**TASK REQUIREMENTS**
Print the data below verbatim, minus images.

**ENTRIES PROVIDED**
◇ ◇ ◇ ◇ ◇
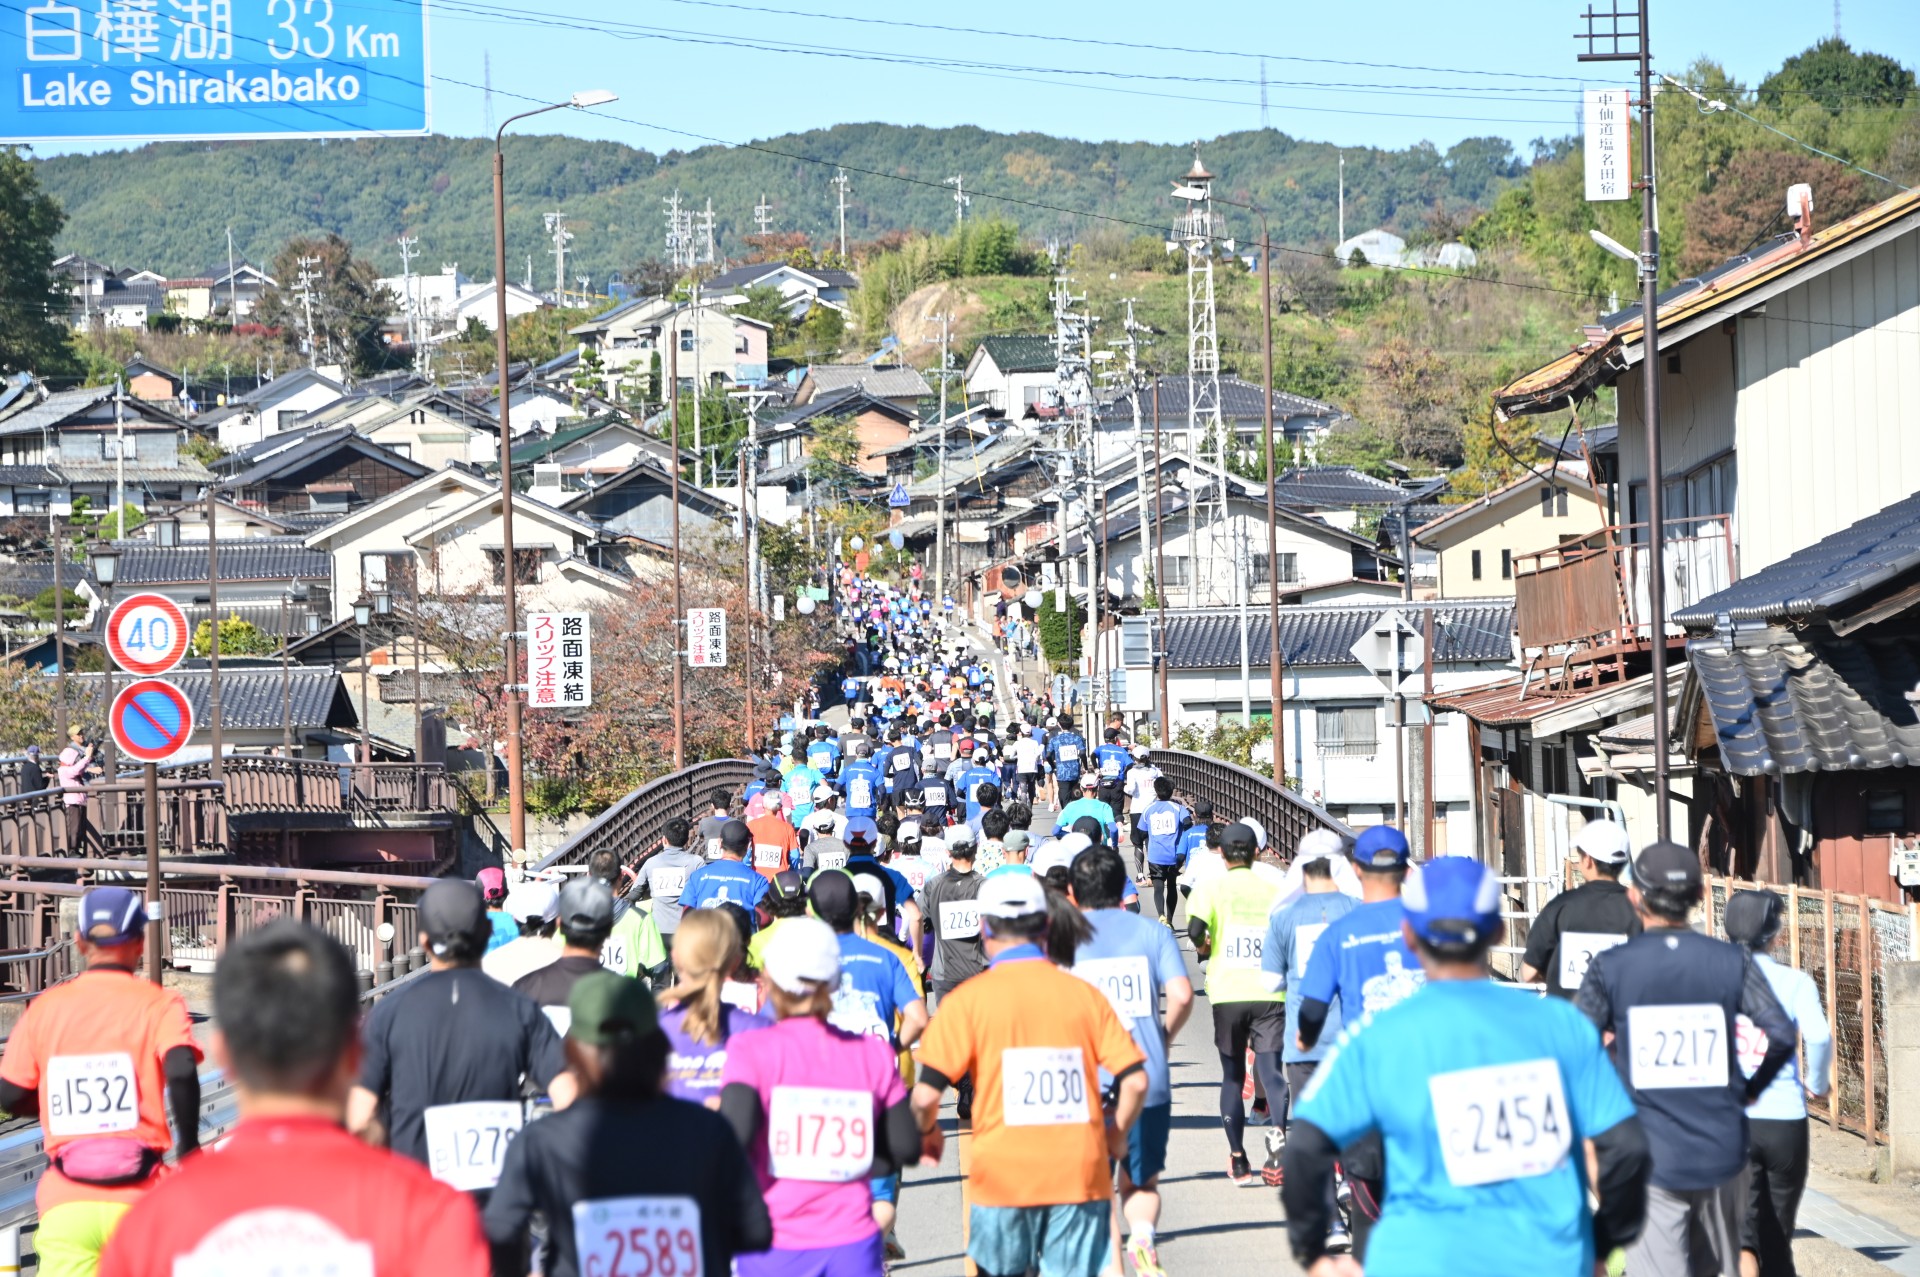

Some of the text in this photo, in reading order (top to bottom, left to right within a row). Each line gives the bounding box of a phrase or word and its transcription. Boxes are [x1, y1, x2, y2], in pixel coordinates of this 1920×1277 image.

[25, 0, 400, 63] 白樺湖 33 Km
[22, 68, 361, 107] Lake Shirakabako
[1598, 92, 1616, 195] 中仙道塩名田宿
[126, 617, 169, 651] 40
[535, 616, 557, 704] スリップ注意
[562, 616, 584, 702] 路面凍結
[692, 610, 706, 664] スリップ注意
[708, 611, 722, 664] 路面凍結
[51, 1074, 132, 1117] B1532
[775, 1113, 867, 1160] B1739
[585, 1226, 699, 1277] C2589
◇ ◇ ◇ ◇ ◇
**RESPONSE TO THIS EXERCISE**
Some of the text in this photo, in reading order (top to bottom, left to right within a row). Each line gives the bounding box of a phrase or word and its transcription. Boxes are [x1, y1, x2, y2], in pixel coordinates of this 1920×1277 image.

[25, 0, 400, 63] 白樺湖 33 Km
[22, 68, 361, 107] Lake Shirakabako
[1598, 92, 1616, 195] 中仙道塩名田宿
[126, 617, 169, 651] 40
[535, 616, 557, 704] スリップ注意
[562, 616, 584, 702] 路面凍結
[692, 610, 706, 664] スリップ注意
[708, 611, 722, 664] 路面凍結
[51, 1074, 132, 1117] B1532
[775, 1113, 867, 1160] B1739
[585, 1226, 699, 1277] C2589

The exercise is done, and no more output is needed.